Ds. Van de Weg: Dienende geest is motorolie voor huwelijk
De Bijbelse woorden dat de man het hoofd van de vrouw is, gelden nog steeds, aldus ds. A. A. F. van de Weg. „Vrouwen moeten het niet erg vinden om de man te dienen.”
De hersteld hervormde predikant uit Abbenbroek sprak zaterdagmorgen tijdens de Kruispuntconferentie in Meerkerk. Deze eendaagse conferentie over het huwelijk was bestemd voor jonge –al dan niet getrouwde– stellen en werd georganiseerd door het Landelijk Contact Jeugdwerk (LCJ) van de Christelijke Gereformeerde Kerken. Er waren veertien stellen.

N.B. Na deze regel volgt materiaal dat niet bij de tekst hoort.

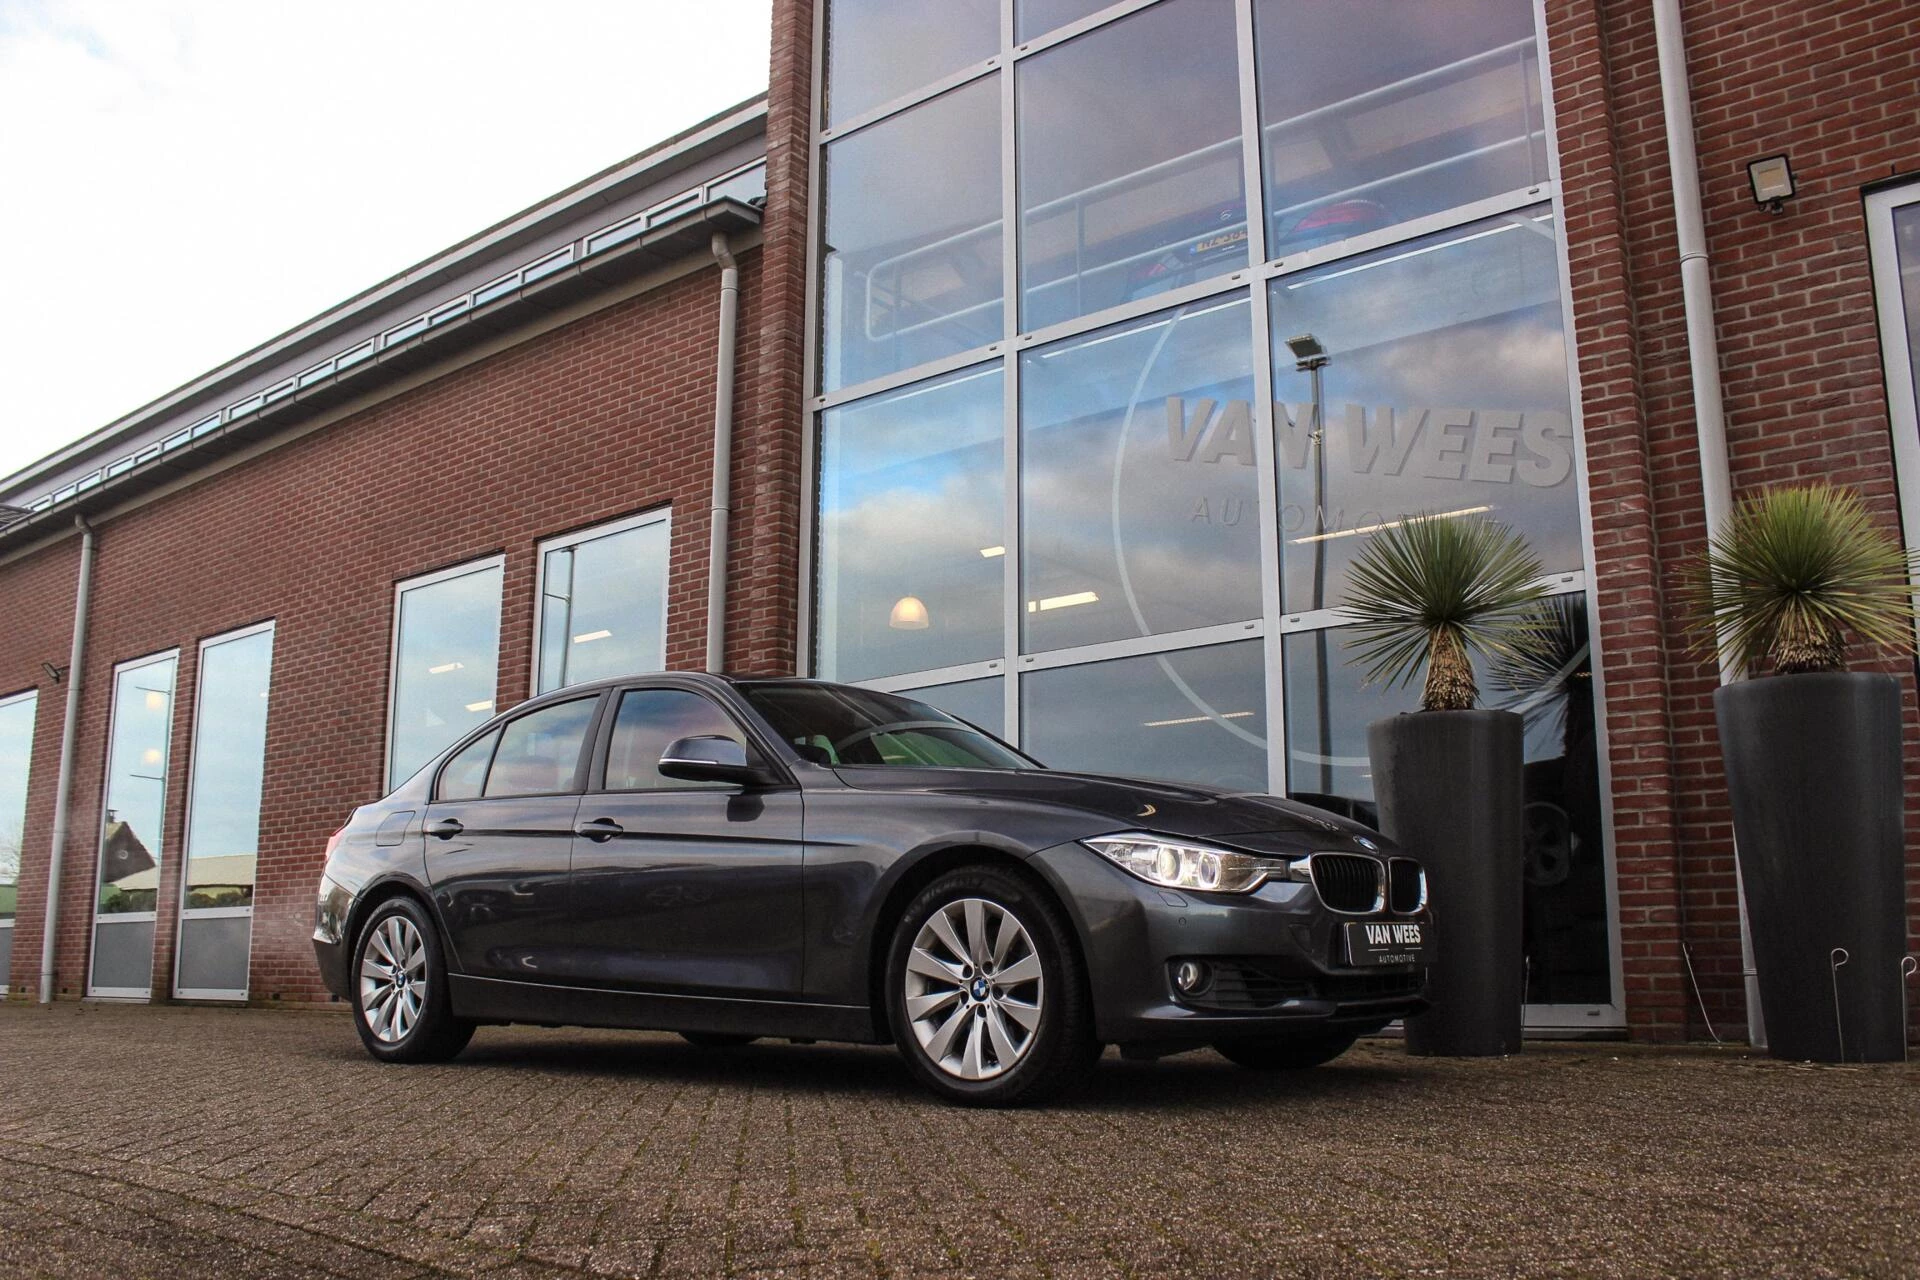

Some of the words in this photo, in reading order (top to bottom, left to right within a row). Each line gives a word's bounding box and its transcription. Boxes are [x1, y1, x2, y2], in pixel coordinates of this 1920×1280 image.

[1167, 397, 1318, 469] VAN
[1345, 404, 1573, 488] WEES
[1365, 924, 1391, 944] VAN
[1392, 924, 1421, 943] WEES
[1379, 954, 1415, 963] AUTOMOTIVE
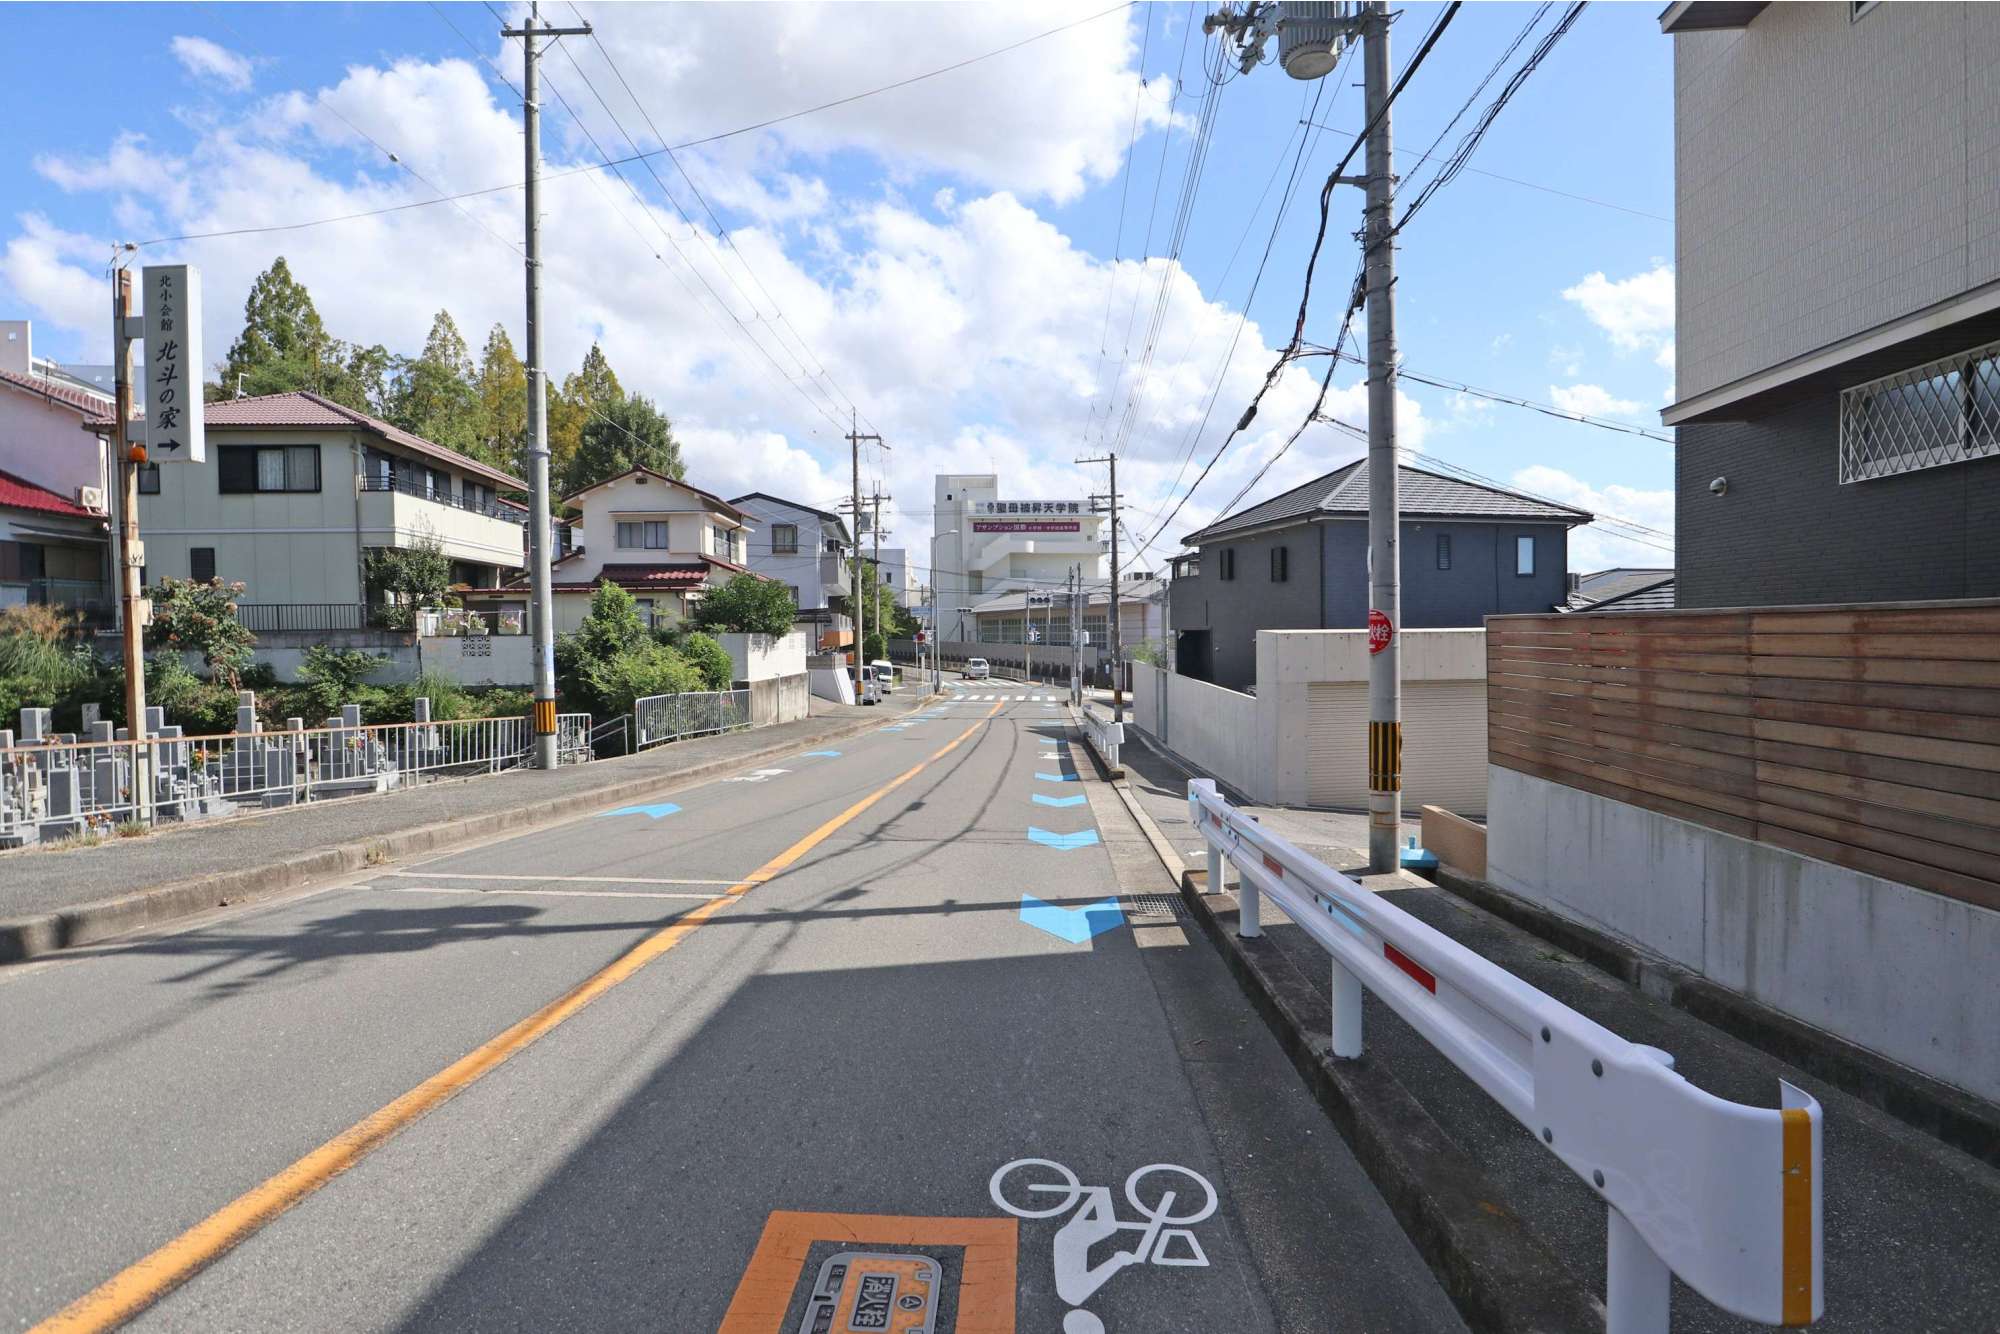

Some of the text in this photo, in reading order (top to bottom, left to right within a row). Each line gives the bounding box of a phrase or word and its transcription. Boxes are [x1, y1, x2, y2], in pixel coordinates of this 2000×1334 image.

[160, 275, 173, 332] 北小会館
[156, 340, 181, 430] 北斗の家
[855, 1278, 892, 1326] 消火栓

Ds. Van de Weg ging in zijn toespraak eerst in op een tekst uit het Oude Testament. Hij noemde Genesis 2:24: „Daarom zal de man zijn vader en zijn moeder verlaten, en zijn vrouw aankleven; en zij zullen tot een vlees zijn.” De predikant benadrukte dat het huwelijk een verbond is en niet een contract. Hij liet twee A-4’tjes zien die eenmaal op elkaar gelijmd niet gemakkelijk losgescheurd kunnen worden. Zo is het volgens hem ook met een huwelijk. „Bij een scheiding gaat er iets kapot. Houd het huwelijk rein. Zorg voor een goede communicatie.”
Magistraal
Ds. Van de Weg noemde seksualiteit een ”magistrale gave” van God. „Deze gave mag je in dankbaarheid aannemen. Deze lichamelijke eenwording is geen speeltje vóór het huwelijk, maar is ook niet alleen bestemd voor de voortplanting. Die opvatting is ontstaan onder invloed van Augustinus. Op dit punt heeft hij de plank misgeslagen. Anders zou je heel wat teksten uit de Bijbel moeten schrappen. Seksualiteit is ook iets moois.”
Over kinderen zei de predikant dat echtparen principieel de bereidheid moeten hebben om de kinderzegen te ontvangen. Hij voegde eraan toe dat het „in het huwelijksleven ook kan gaan om te laveren tussen het voorkomen van en het uit zijn op de kinderzegen.”
Vervolgens trok hij vanuit het Nieuwe Testament (Efeze 5) een aantal lijnen door, waarbij vooral het onderdanig zijn aandacht kreeg. Eerst staat er, aldus de predikant, dat man en vrouw elkáár onderdanig moeten zijn. „In het huwelijk leer je dienen. Een dienende geest is de motorolie voor het huwelijk. Wie Christus liefheeft, krijgt het verlangen om er ook voor de ander te zijn. Jouw agenda wordt jullie agenda en jouw geld wordt jullie geld.”
De predikant handhaafde, tegen allerlei trends in de maatschappij in, dat de man het hoofd van de vrouw is. Hij trok de vergelijking met een piloot die het vliegtuig bestuurt, maar die fouten kan maken en open dient te staan voor reflectie. „Het is goed als de vrouw in het huwelijk op de rem trapt als dat nodig is.”
Signalen
Ds. Van de Weg vroeg de mannen om hun vrouw, „het zwakkere vat”, te beschermen, genoeg tijd met haar door te brengen en signalen van haar op te vangen. Een vrouw moet het niet erg vinden om zo’n man te dienen. „Het dienen heeft niets te maken met hoger of lager staan. Het is een eer om te dienen. Je hoeft dat niet kritiekloos te doen. Over alle dingen mag je je kritiek inbrengen en kan je jouw man vragen of hij het wel goed heeft. Zo heeft de vrouw een plek gekregen om de man te laten opbloeien in het geestelijk leiding geven.”
Over die verhouding tussen man en vrouw gingen alle vragen na de pauze. Ds. Van de Weg stelde dat de Bijbelse richtlijn ook blijft gelden als de vrouw beter leiding kan geven dan de man. Het is volgens hem niet goed is als de vrouw dan het stuur overneemt, behalve in uitzonderingen bij ziekte en dergelijke. Hij stelde voor dat een vrouw die goed kan leidinggeven, haar man helpt in het leren leidinggeven.
De predikant erkende dat er karakters zijn die moeilijk combineren. Hij vindt het „een must” om te weten wat voor karakter je hebt. „Het helpt in de levensheiliging.”